Key idea: It’s no secret that algorithms built by humans often perpetuate the same biases that went into them.
Original author and publication date: University of Oregon – June 2, 2022
Futurizonte Editor’s Note: We are digitalizing our prejudices and transfer them to AI. Good job, humans!
From the article:
Pigeons can quickly be trained to detect cancerous masses on x-ray scans. So can computer algorithms.
But despite the potential efficiencies of outsourcing the task to birds or computers, it’s no excuse for getting rid of human radiologists, argues University of Oregon philosopher and data ethicist Ramón Alvarado.
Alvarado studies the way that humans interact with technology. He’s particularly attuned to the harms that can come from overreliance on algorithms and machine learning. As automation creeps more and more into people’s daily lives, there’s a risk that computers devalue human knowledge.
“They’re opaque, but we think that because they’re doing math, they’re better than other knowers,” Alvarado said. “The assumption is, the model knows best, and who are you to tell the math they’re wrong?”

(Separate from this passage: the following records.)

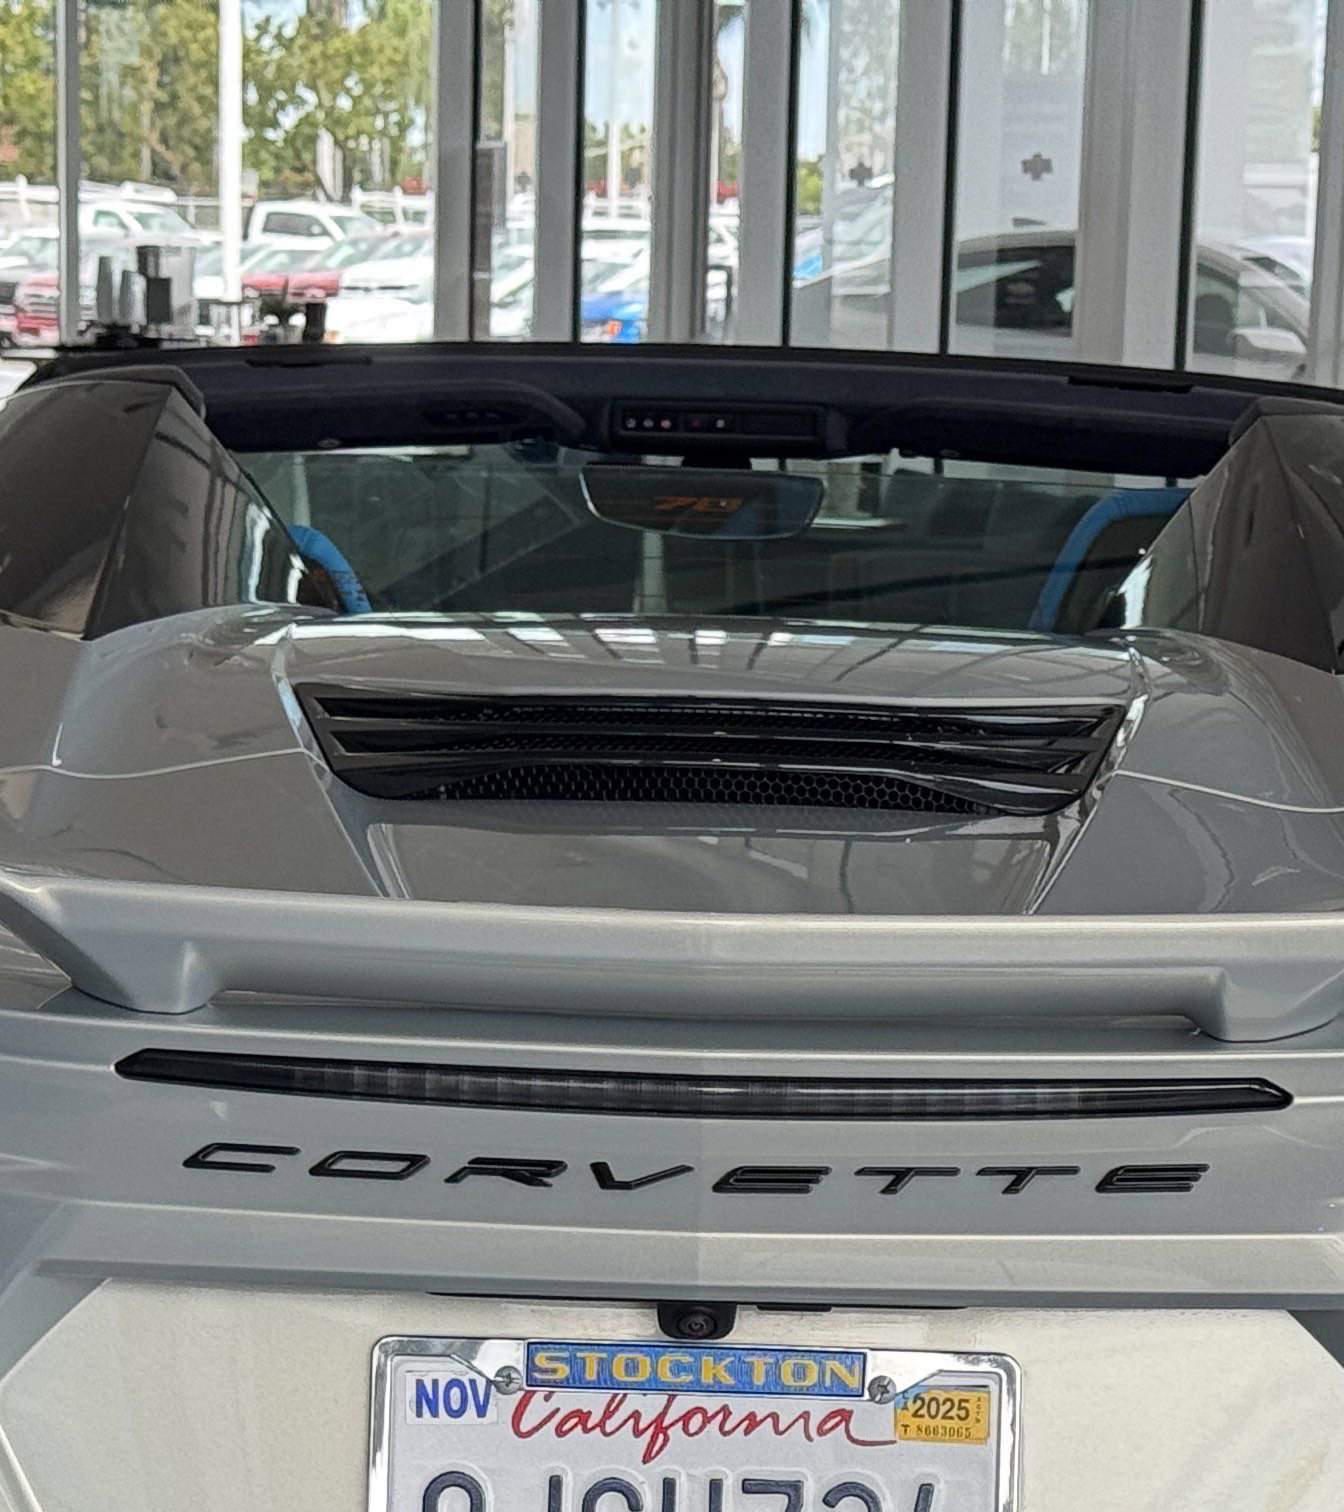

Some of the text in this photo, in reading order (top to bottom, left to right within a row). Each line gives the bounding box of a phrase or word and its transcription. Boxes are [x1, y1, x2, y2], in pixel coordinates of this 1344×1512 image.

[181, 1142, 1212, 1196] CORVETTE
[530, 1351, 861, 1389] STOCKTON
[414, 1377, 492, 1420] NOV
[911, 1395, 971, 1422] 2025
[509, 1390, 897, 1465] California

It’s no secret that algorithms built by humans often perpetuate the same biases that went into them. A face-recognition app trained mostly on white faces isn’t going to be as accurate on a diverse set of people. Or a resume-ranking tool that awards greater preference to people with Ivy League educations might overlook talented people with more unique but less quantifiable backgrounds.
But Alvarado is interested in a more nuanced question: What if nothing goes wrong, and an algorithm actually is better than a human at a task? Even in these situations, harm can still occur, Alvarado argues in a recent paper. It’s called “epistemic injustice.”
The term was coined by feminist philosopher Miranda Fricker in the 2000s. It’s been used to describe benevolent sexism, like men offering assistance to women at the hardware store (a nice gesture) because they presume them to be less competent (a negative motivation). Alvarado has expanded Fricker’s framework and applied it to data science.
He points to the impenetrable nature of most modern technology: An algorithm might get the right answer, but we don’t know how; that makes it difficult to question the results. Even the scientists who design today’s increasingly sophisticated machine learning algorithms usually can’t explain how they work or what the tool is using to reach a decision.